Rares sont
les voix qui expriment de la compassion pour le président déchu « IBK »
qui s’était fait
élire en 2013 sur la promesse, jamais tenue, de
redresser le Mali.
A
quoi pouvait penser Ibrahim Boubacar Keïta, dit « IBK », dans le convoi
qui allait faire de lui un prisonnier, un président déchu ? Imaginer un
dernier coup politique pour sauver son pouvoir, en expliquant aux
« jeunes gens » que leur aventure putschiste serait vouée à l’échec ?
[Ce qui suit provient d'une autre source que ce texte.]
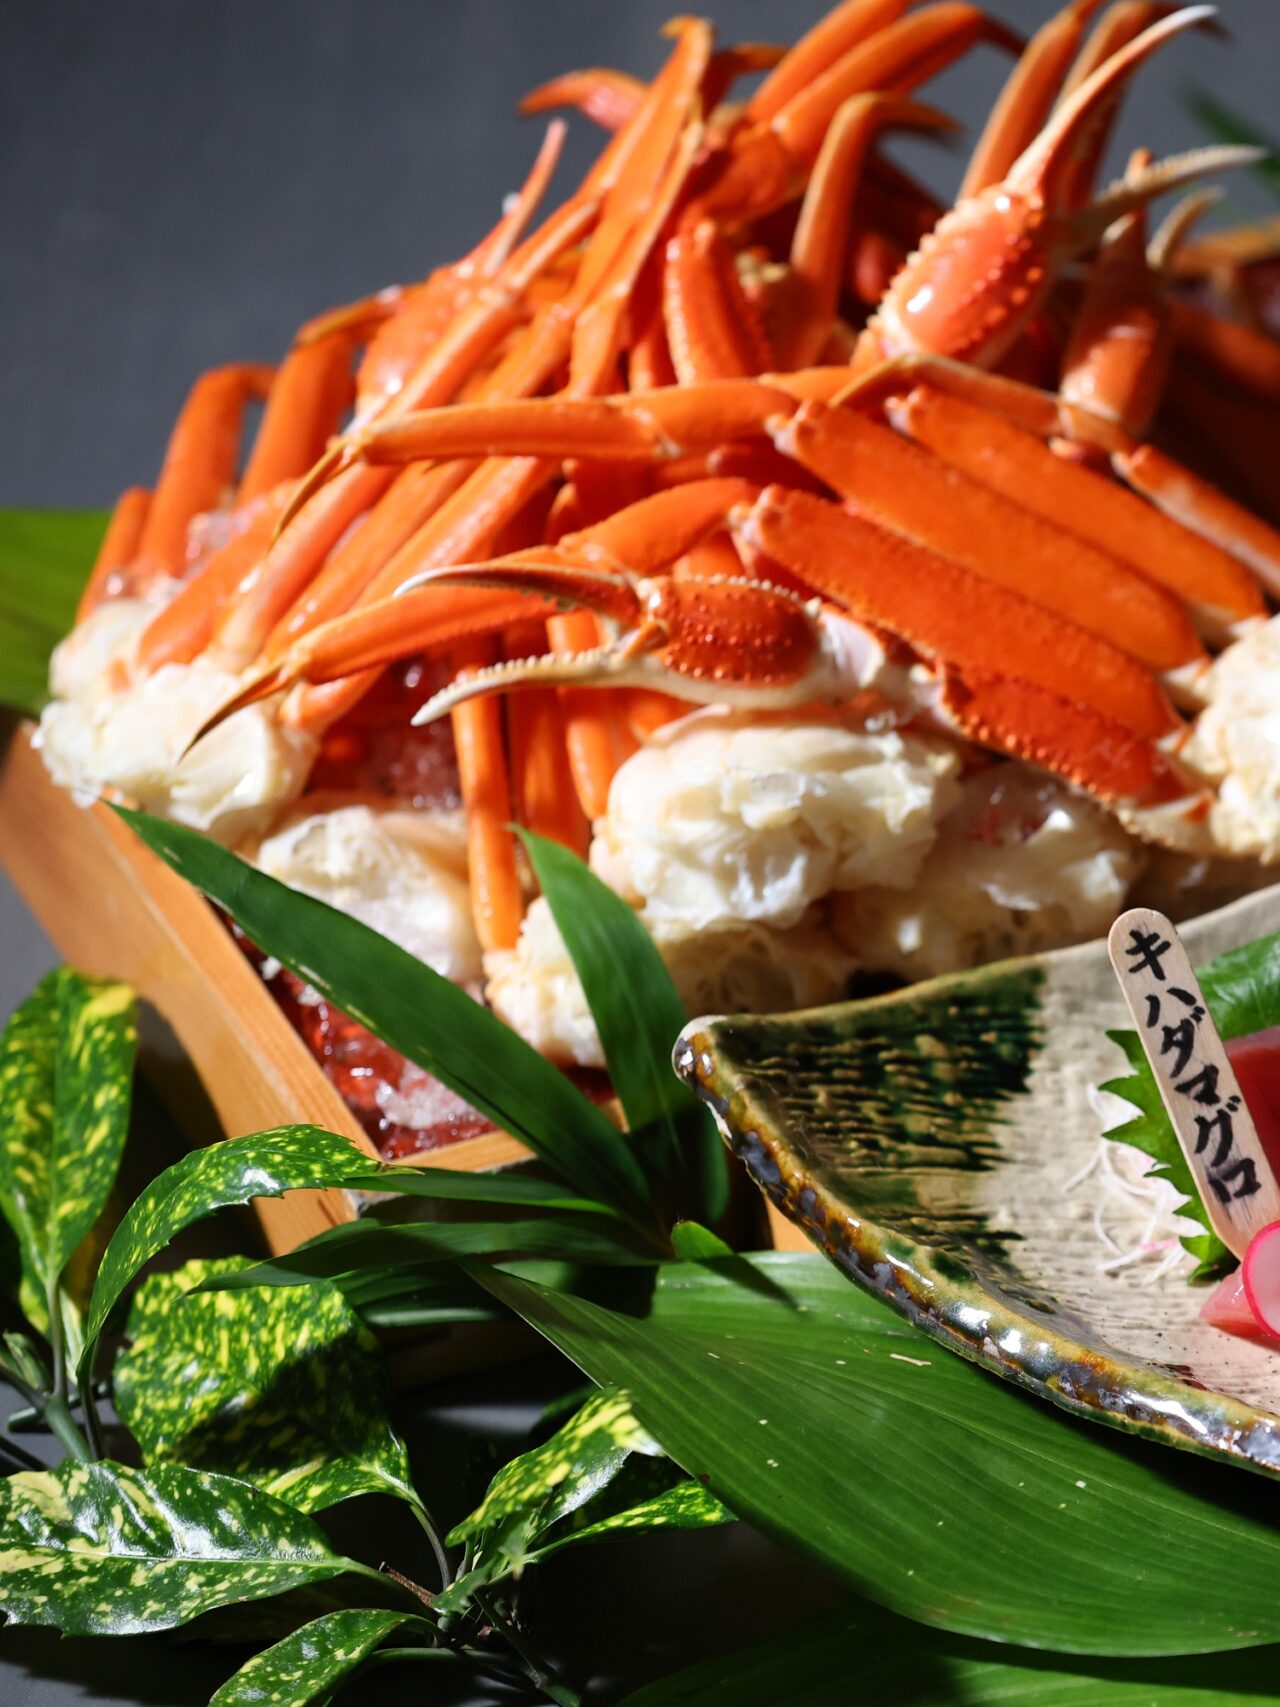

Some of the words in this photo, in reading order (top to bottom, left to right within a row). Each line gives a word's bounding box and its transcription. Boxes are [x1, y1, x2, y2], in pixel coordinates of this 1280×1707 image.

[1126, 929, 1262, 1205] キハダマグロ
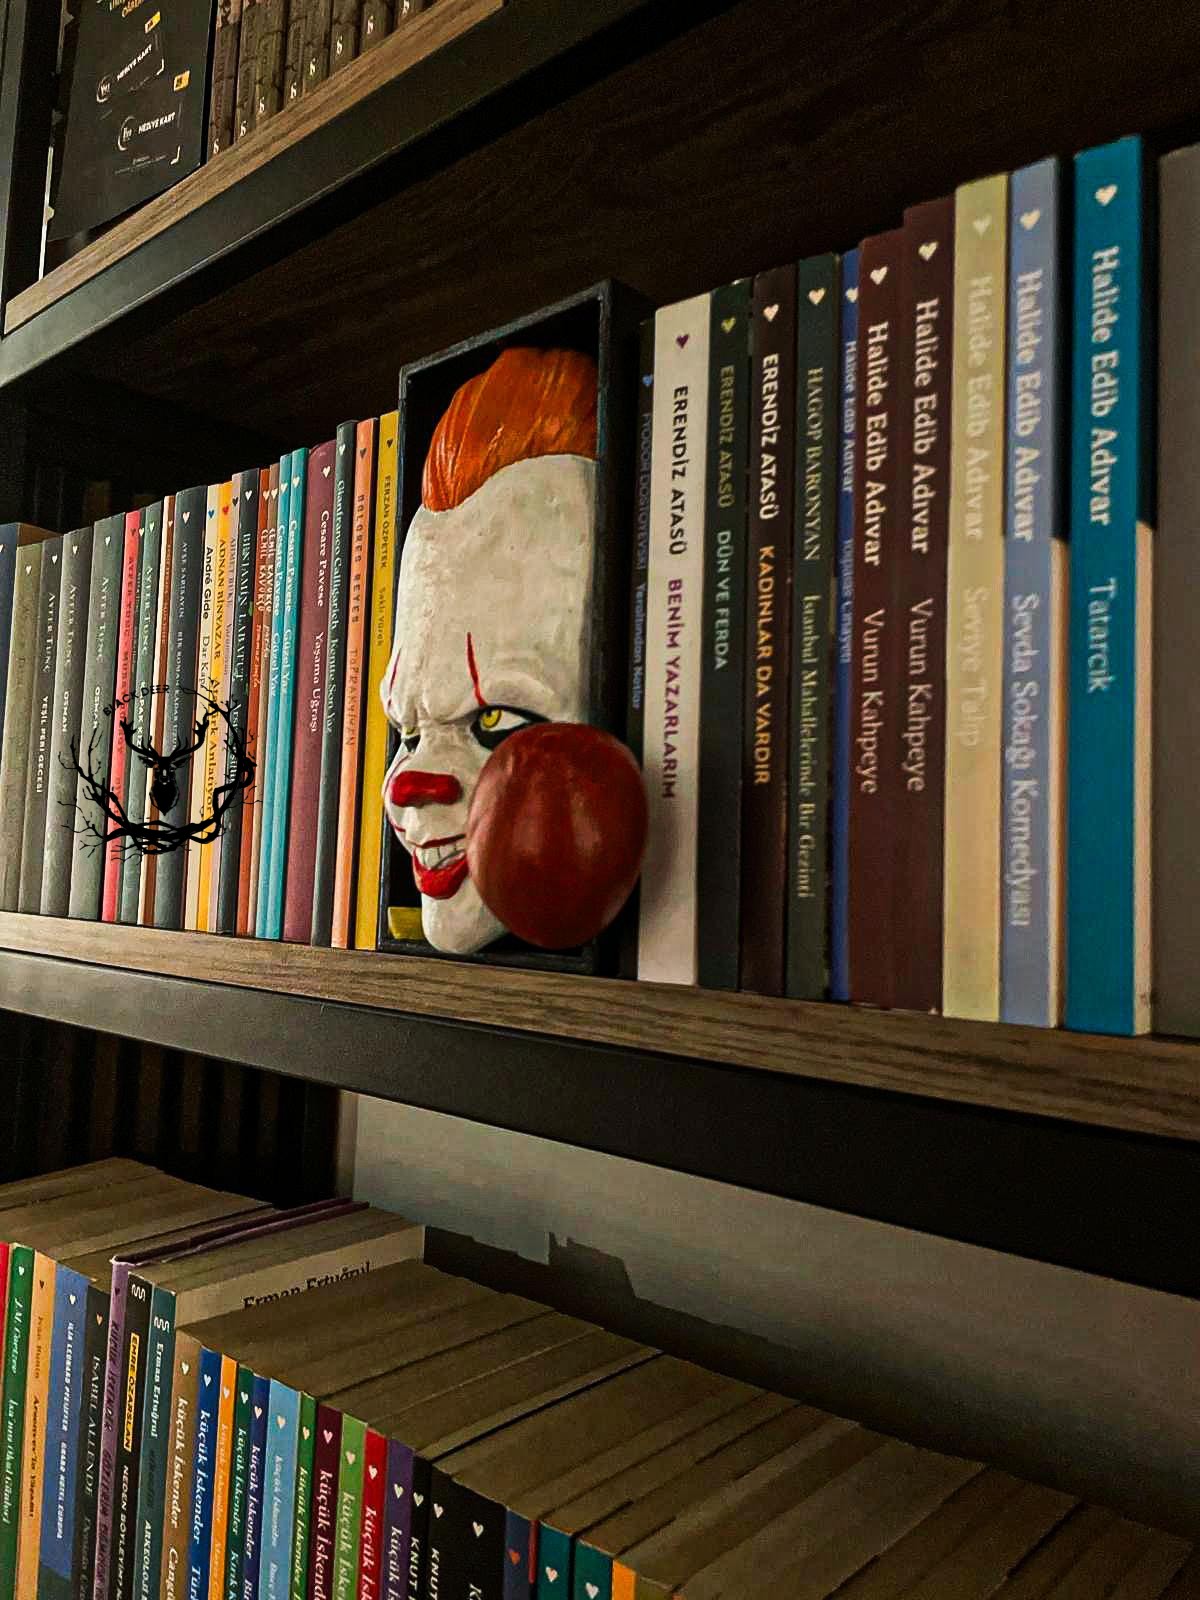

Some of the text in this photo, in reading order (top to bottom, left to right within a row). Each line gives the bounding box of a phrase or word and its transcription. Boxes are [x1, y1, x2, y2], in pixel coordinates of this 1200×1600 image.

Essayer à tout prix de préserver l’intégrité de sa femme et de leur fils
Karim, devenus au fil de sa présidence les incarnations de la
corruption, dénoncée tant par la rue de Bamako que par les partenaires
internationaux ? Faire en sorte, comme il l’a indiqué dans sa
déclaration de démission diffusée nuitamment par la télévision nationale
le mardi 18 août, qu’« aucun sang ne soit versé pour [s]on maintien aux affaires » ?
Comme
une boucle qui se ferme, « IBK » a été renversé par une armée qui, huit
ans plus tôt, en 2012, avait largement contribué à son accession aux
commandes en poussant à la fuite son prédécesseur, Amadou Toumani Touré.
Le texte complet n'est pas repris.